Et pourquoi ne dirions-nous pas, à cet égard, toute notre pensée ? Nous ne serions point surpris qu’avant peu de mois, la Russie, exploitant la haine actuelle de l’Allemagne pour la Pologne et les légitimes rancunes de la Pologne, eût formé une armée polonaise qui serait destinée à marcher contre la liberté. Parmi les agens de toute nationalité, de toute religion, de toute caste et de toute opinion que la Russie entretient en ce moment à Paris, il en est qui travaillent l’émigration polonaise dans cet esprit, avec maintes promesses de récompenses personnelles et de liberté nationale. On a vu déjà des Polonais qui admiraient et prônaient le panslavisme russe : ils n’ont point fait fortune ; mais, le jour où il y aura une armée polonaise au service de la Russie, la Pologne elle-même, entraînée et fascinée, sera l’ennemie de la France. Alors se posera, par la force des choses, la question formidable et prophétique : L’Europe sera-t-elle républicaine ou cosaque ? Et il faut bien le reconnaître, si haute opinion que l’on ait de la race germanique, entre les Cosaques et nous, l’Allemagne, même unitaire, ne sera pas une barrière suffisante.

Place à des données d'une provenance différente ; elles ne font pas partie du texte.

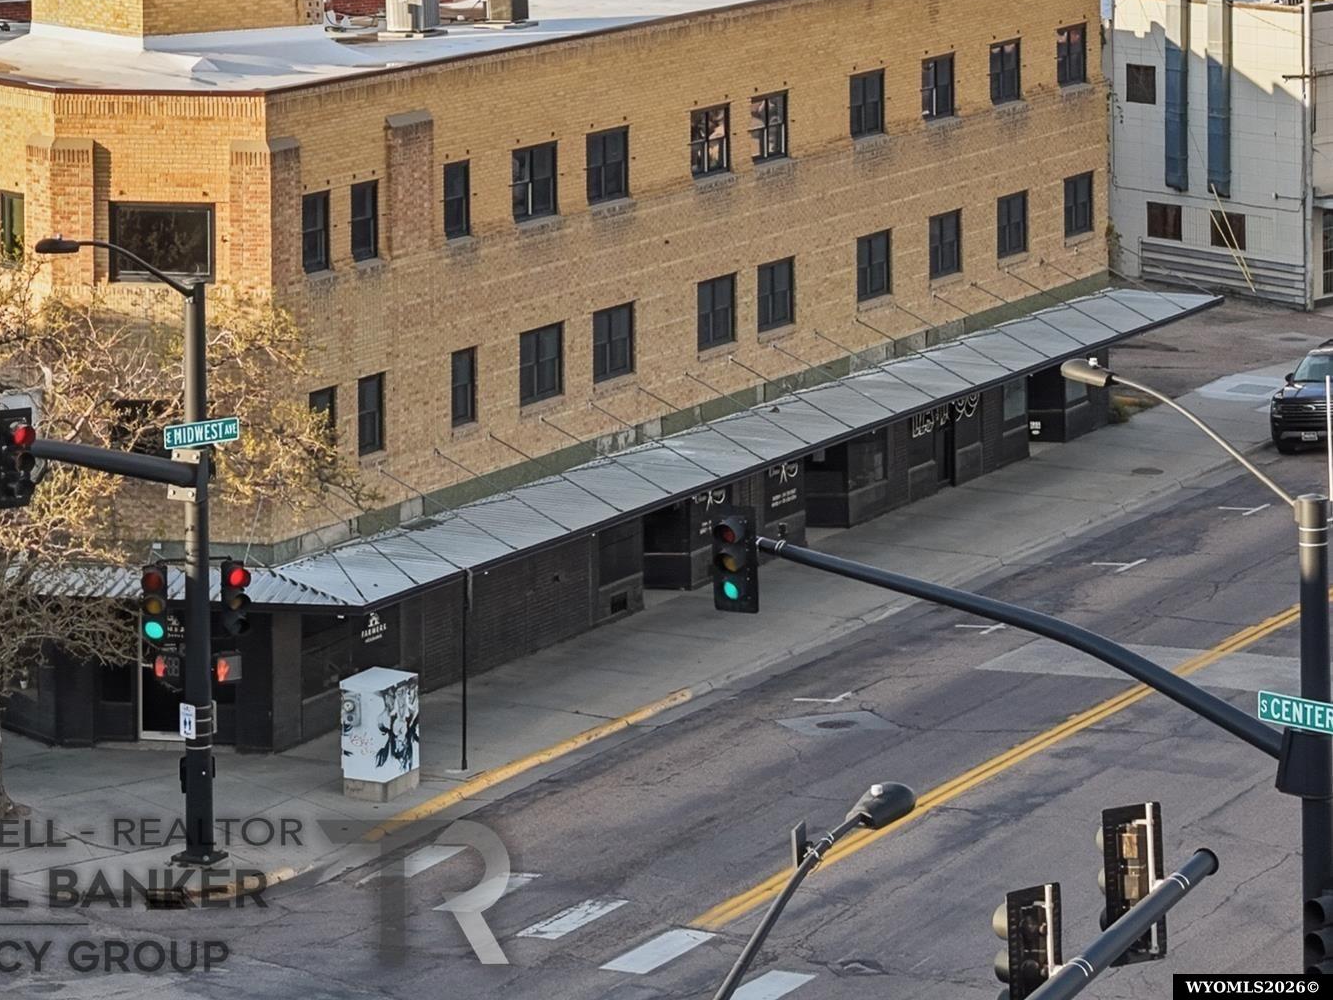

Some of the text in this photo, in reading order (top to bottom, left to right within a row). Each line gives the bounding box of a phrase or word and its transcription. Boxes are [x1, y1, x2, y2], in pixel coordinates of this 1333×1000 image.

[166, 421, 238, 445] E MIDWEST AVE
[1260, 697, 1333, 729] S CENTER

Nous avons la conviction de ne rien exagérer en donnant ces proportions à la question slave. Cette question est vaste plus qu’aucune autre aujourd’hui en Europe, et elle sera féconde en biens ou en maux, car elle contient en germe une grande défaite ou un grand triomphe pour la Russie, un mouvement de progrès ou de recul pour les idées, la reconstitution de l’Europe sur un principe de nationalité qui assurerait la paix et l’équilibre politique, ou la glorification d’un principe de conquête qui bouleverserait l’équilibre européen et perpétuerait la guerre.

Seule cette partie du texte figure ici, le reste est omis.